À trente-sept ans, Joris Mathieu accède donc non seulement à un lieu stable, où il pourra créer avec les fidèles de sa compagnie Haut et Court, qu'il a fondée en 1998, mais il pourra aussi désormais offrir à de jeunes compagnies l'espace de liberté dont il a lui-même bénéficié par le passé aux Clochards Célestes, au Polaris de Corbas (pendant trois ans) ou au théâtre de Vénissieux (où il fut six ans en résidence).
Ubiquité & Orbik
Né de parents instituteurs qui lui ont transmis leur goût de la littérature et des arts plastiques, Joris Mathieu a très tôt été confronté aux œuvres d'art, et se souvient encore précisément de ses premiers chocs esthétiques : L'Oiseau vert monté par Coline Serreau et Benno Besson, puis de Znorko. La fac d'arts du spectacle de Lyon 2 le plongera plus tard «dans un état de recherche», avant qu'il ne monte sa troupe, sans passer par la case grande école : «On n'a appris nulle part, si ce n'est ensemble.» – les théâtres dans lesquels il a commencé, la Platte et l'Oseraie, sur les pentes de la Croix-Rousse, sont aujourd'hui fermés ; c'est dire s'il lui tenait à cœur de ne pas laisser mourir Les Ateliers.
Sa première commande émanera, ironie de l'histoire, du TJA (ancienne appellation du TNG), avec Le Palais des claques (en 2002) d'après Pascal Brückner. Bien que tout commence chez lui par du texte, Mathieu dit avoir eu d'emblée une «préoccupation scénographique. Je souhaite donner au spectateur à vivre des expériences littéraires, comme une réalité augmentée du livre». À ce titre, ce sont plutôt des auteurs de romans, notamment de science-fiction, comme K. Dick ou Volodine, qui ont ses faveurs. Sa dernière création en date, Cosmos, d'après Gombrowciz, proposait ainsi une approche contemplative du texte, destinée à «stimuler la production d'imaginaire» chez le public. Sur le plateau, comme dans son parcours, Joris Mathieu croit à une certaine lenteur. Il a ainsi pris le temps de ne pas briguer tout et n'importe quoi, jusqu'à trouver l'équipement qui lui permettrait de créer un espace à la fois connecté au monde et isolé du quotidien : «notre positionnement politique a été de se demander "comment faire du théâtre un espace de résistance au réel, un endroit où on peut s'isoler du temps qui passe pour plonger dans un état de poésie ?". Il faut protéger ces espaces-là dans la ville, la société».
Langues déliées
Aux Ateliers, la plaquette (visuellement la plus séduisante de celles proposées cette rentrée) annonce clairement que l'image sera au centre de la scène, chacun des artistes programmés menant une vraie réflexion esthétique, à l'instar de Miet Warlop ou Karim Bel Kacem.
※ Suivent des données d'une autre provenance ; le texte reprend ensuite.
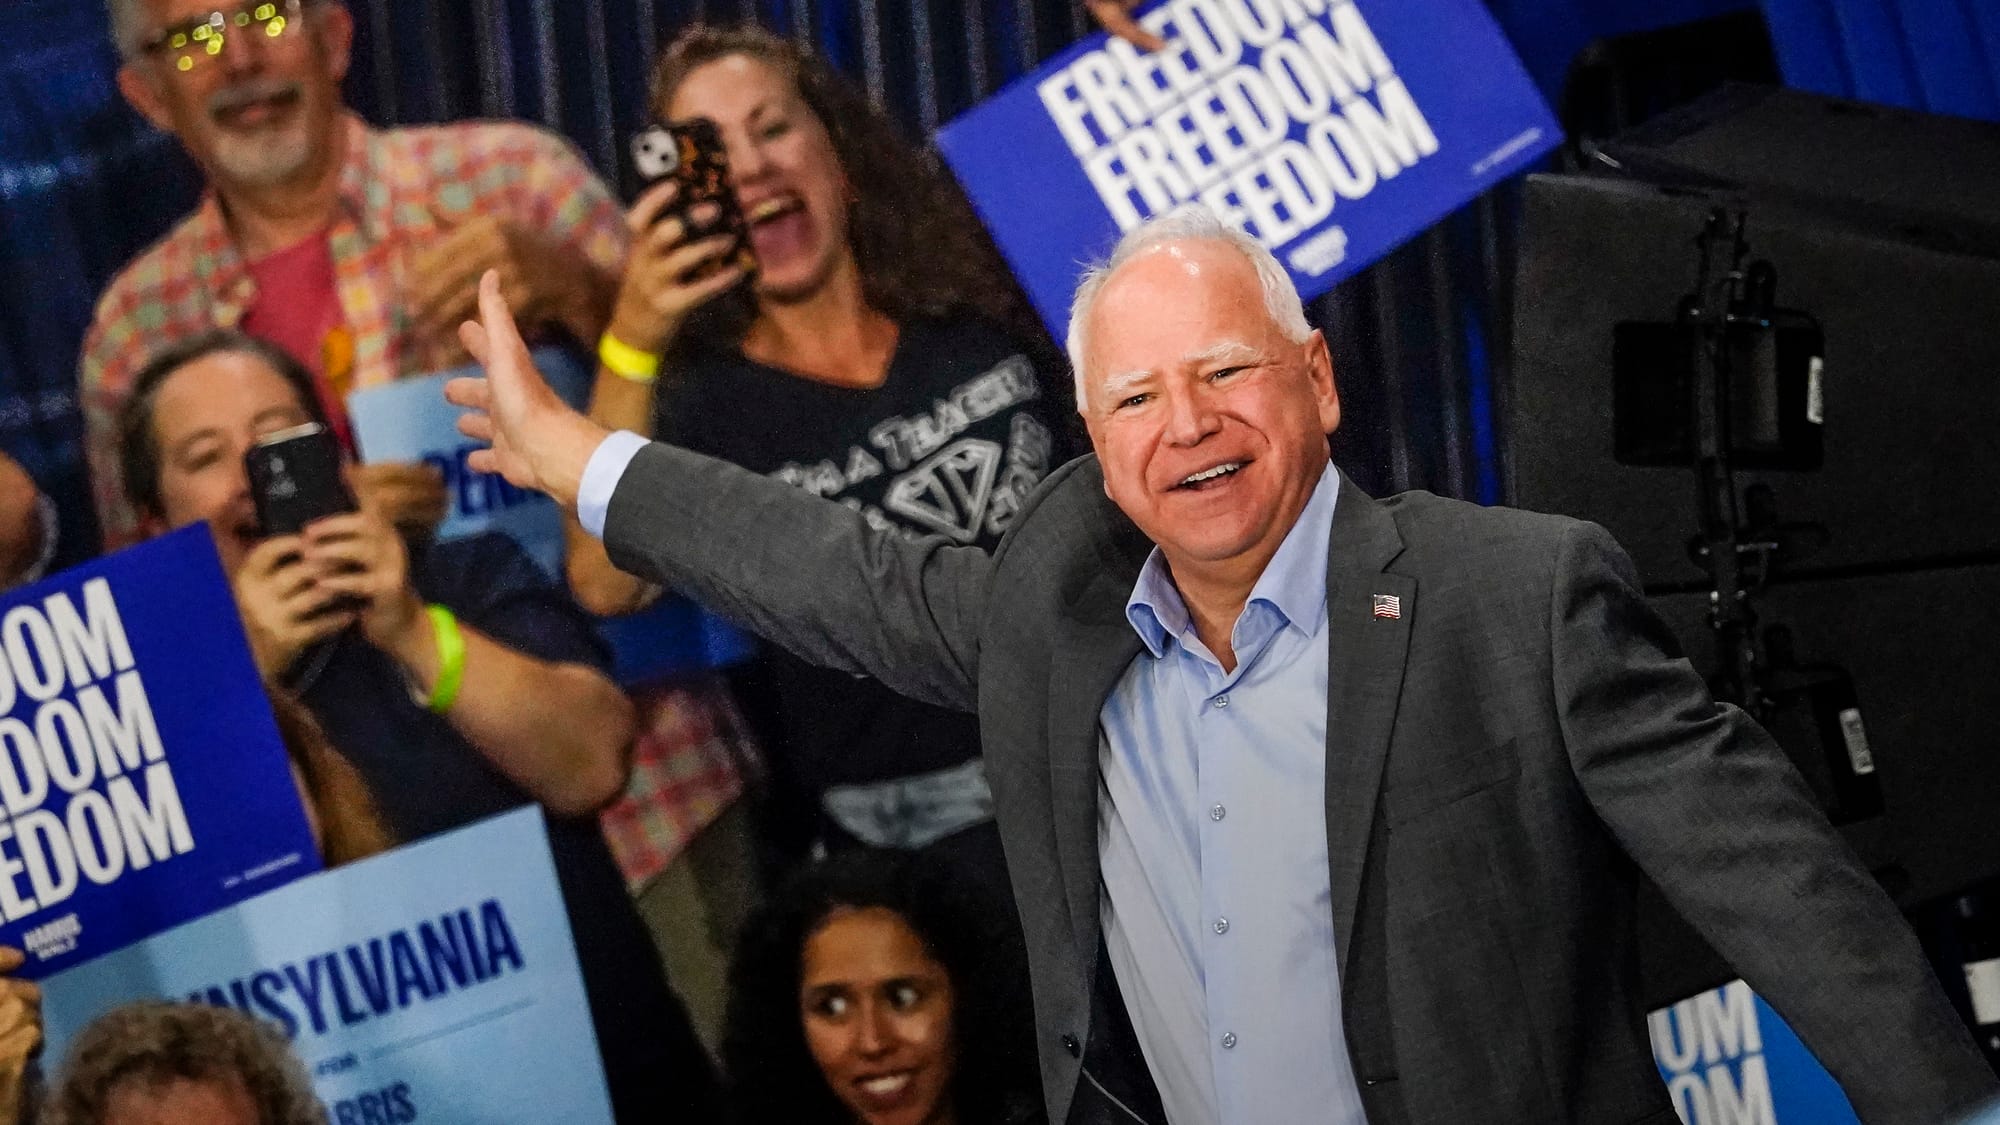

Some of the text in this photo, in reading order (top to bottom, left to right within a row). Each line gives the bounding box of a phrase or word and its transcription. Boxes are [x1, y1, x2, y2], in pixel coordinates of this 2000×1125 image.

[1082, 2, 1396, 233] FREEDOM
[1199, 76, 1439, 250] EEDOM
[0, 576, 135, 716] OM
[0, 669, 165, 822] DOM
[0, 760, 196, 924] EDOM
[187, 898, 525, 1038] NSYLVANIA
[335, 1080, 417, 1125] RRIS
Deux artistes que l'on retrouvera peut-être un jour au générique du TNG, où sont déjà conviés, en tant qu'artistes associés, l'inclassable circassienne Phia Ménard et Chiara Guidi. Acolyte de Romeo Castelluci, cette dernière a notamment signé un Bucchetino inoubliable, où elle invitait le public à prendre place dans les petits lits d'une véritable maison de bois pour lui raconter et lui faire ressentir les aventures du Petit Poucet. Le spectacle avait été programmé par Céline Le Roux au festival Micro Mondes, désormais directrice adjointe du TNG nouveau. Une nomination qui ne l'empêchera pas de maintenir cette biennale de théâtre immersif, en alternance avec un nouvel événement, "Nos futurs", destinée à accueillir de grosses productions européennes en partenariat, notamment, avec le Lieu Unique de Nantes.
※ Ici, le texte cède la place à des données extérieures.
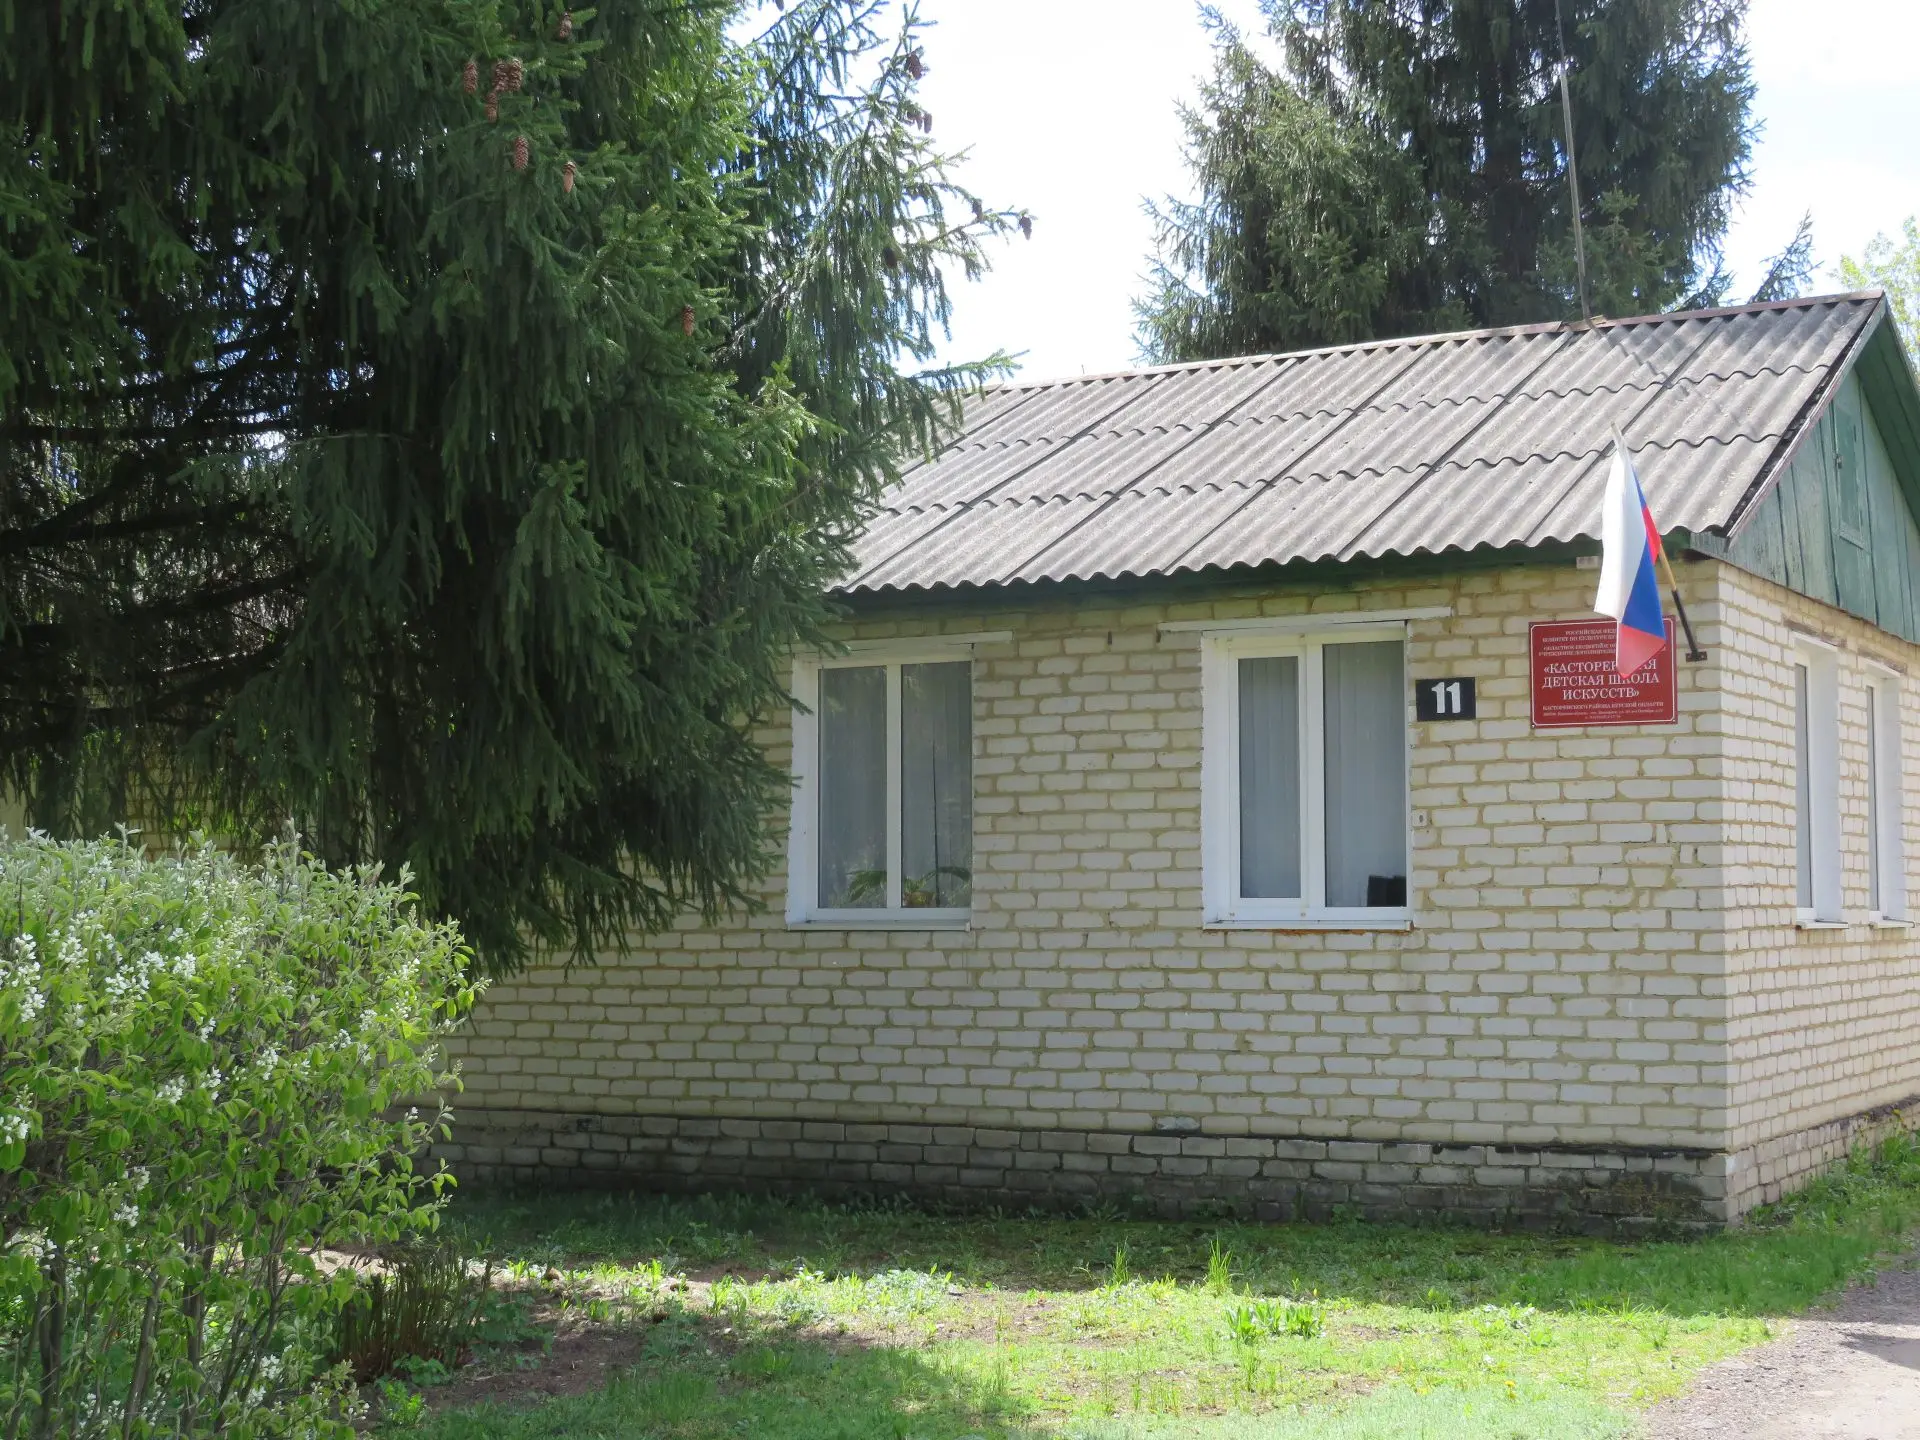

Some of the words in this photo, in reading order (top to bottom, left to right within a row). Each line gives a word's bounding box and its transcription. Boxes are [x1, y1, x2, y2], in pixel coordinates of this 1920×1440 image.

[1542, 674, 1604, 689] ДЕТСКАЯ
[1431, 681, 1461, 714] 11
[1563, 687, 1640, 700] ИСКУССТВ»
Très sensible à la réception de l'art par les plus jeunes, Joris Mathieu, lui-même père, souhaite, via ces choix, préparer les enfants à voir non pas un spectacle, mais «tous les spectacles», et se demande comment «construire ensemble un monde qu'on va habiter communément», que l'on soit digital native ou moins aguerri à la technologie, «comment partager le texte et comment les jeunes inventent un nouveau langage qui doit nous être transmis aussi. On ne plus être dans un projet descendant voire condescendant où l'on dirait "nous les adultes remplis de culture, buvez notre savoir"».
En poursuivant de concert ces travaux sur les écritures contemporaines, le jeune public et les formes immersives, Mathieu tentera donc d'estomper les frontières entre les générations. Y compris dans sa prochaine création, tout public, prévue pour début 2016 et qu'il écrit en partie : Hikikomori, le refuge, du nom de cette pathologie psychosociale qui pousse des jeunes à se couper radicalement du monde. Il explique : «l'idée est de produire une fiction autour d'un dispositif musical et sonore qui fera en sorte que les adultes et les enfants dans la salle n'entendront pas la même histoire en voyant le même spectacle ; dans une oreille de combiné téléphonique, une voix commentera les événements produits. Les enfants ne pourront pas se reposer sur les adultes pour raconter à leur place ce qu'ils ont vu. Ils seront obligés de traduire eux-mêmes ce qu'ils ont vécu». C'est peut-être là le plus beau pari qui soit : faire confiance à tous les publics.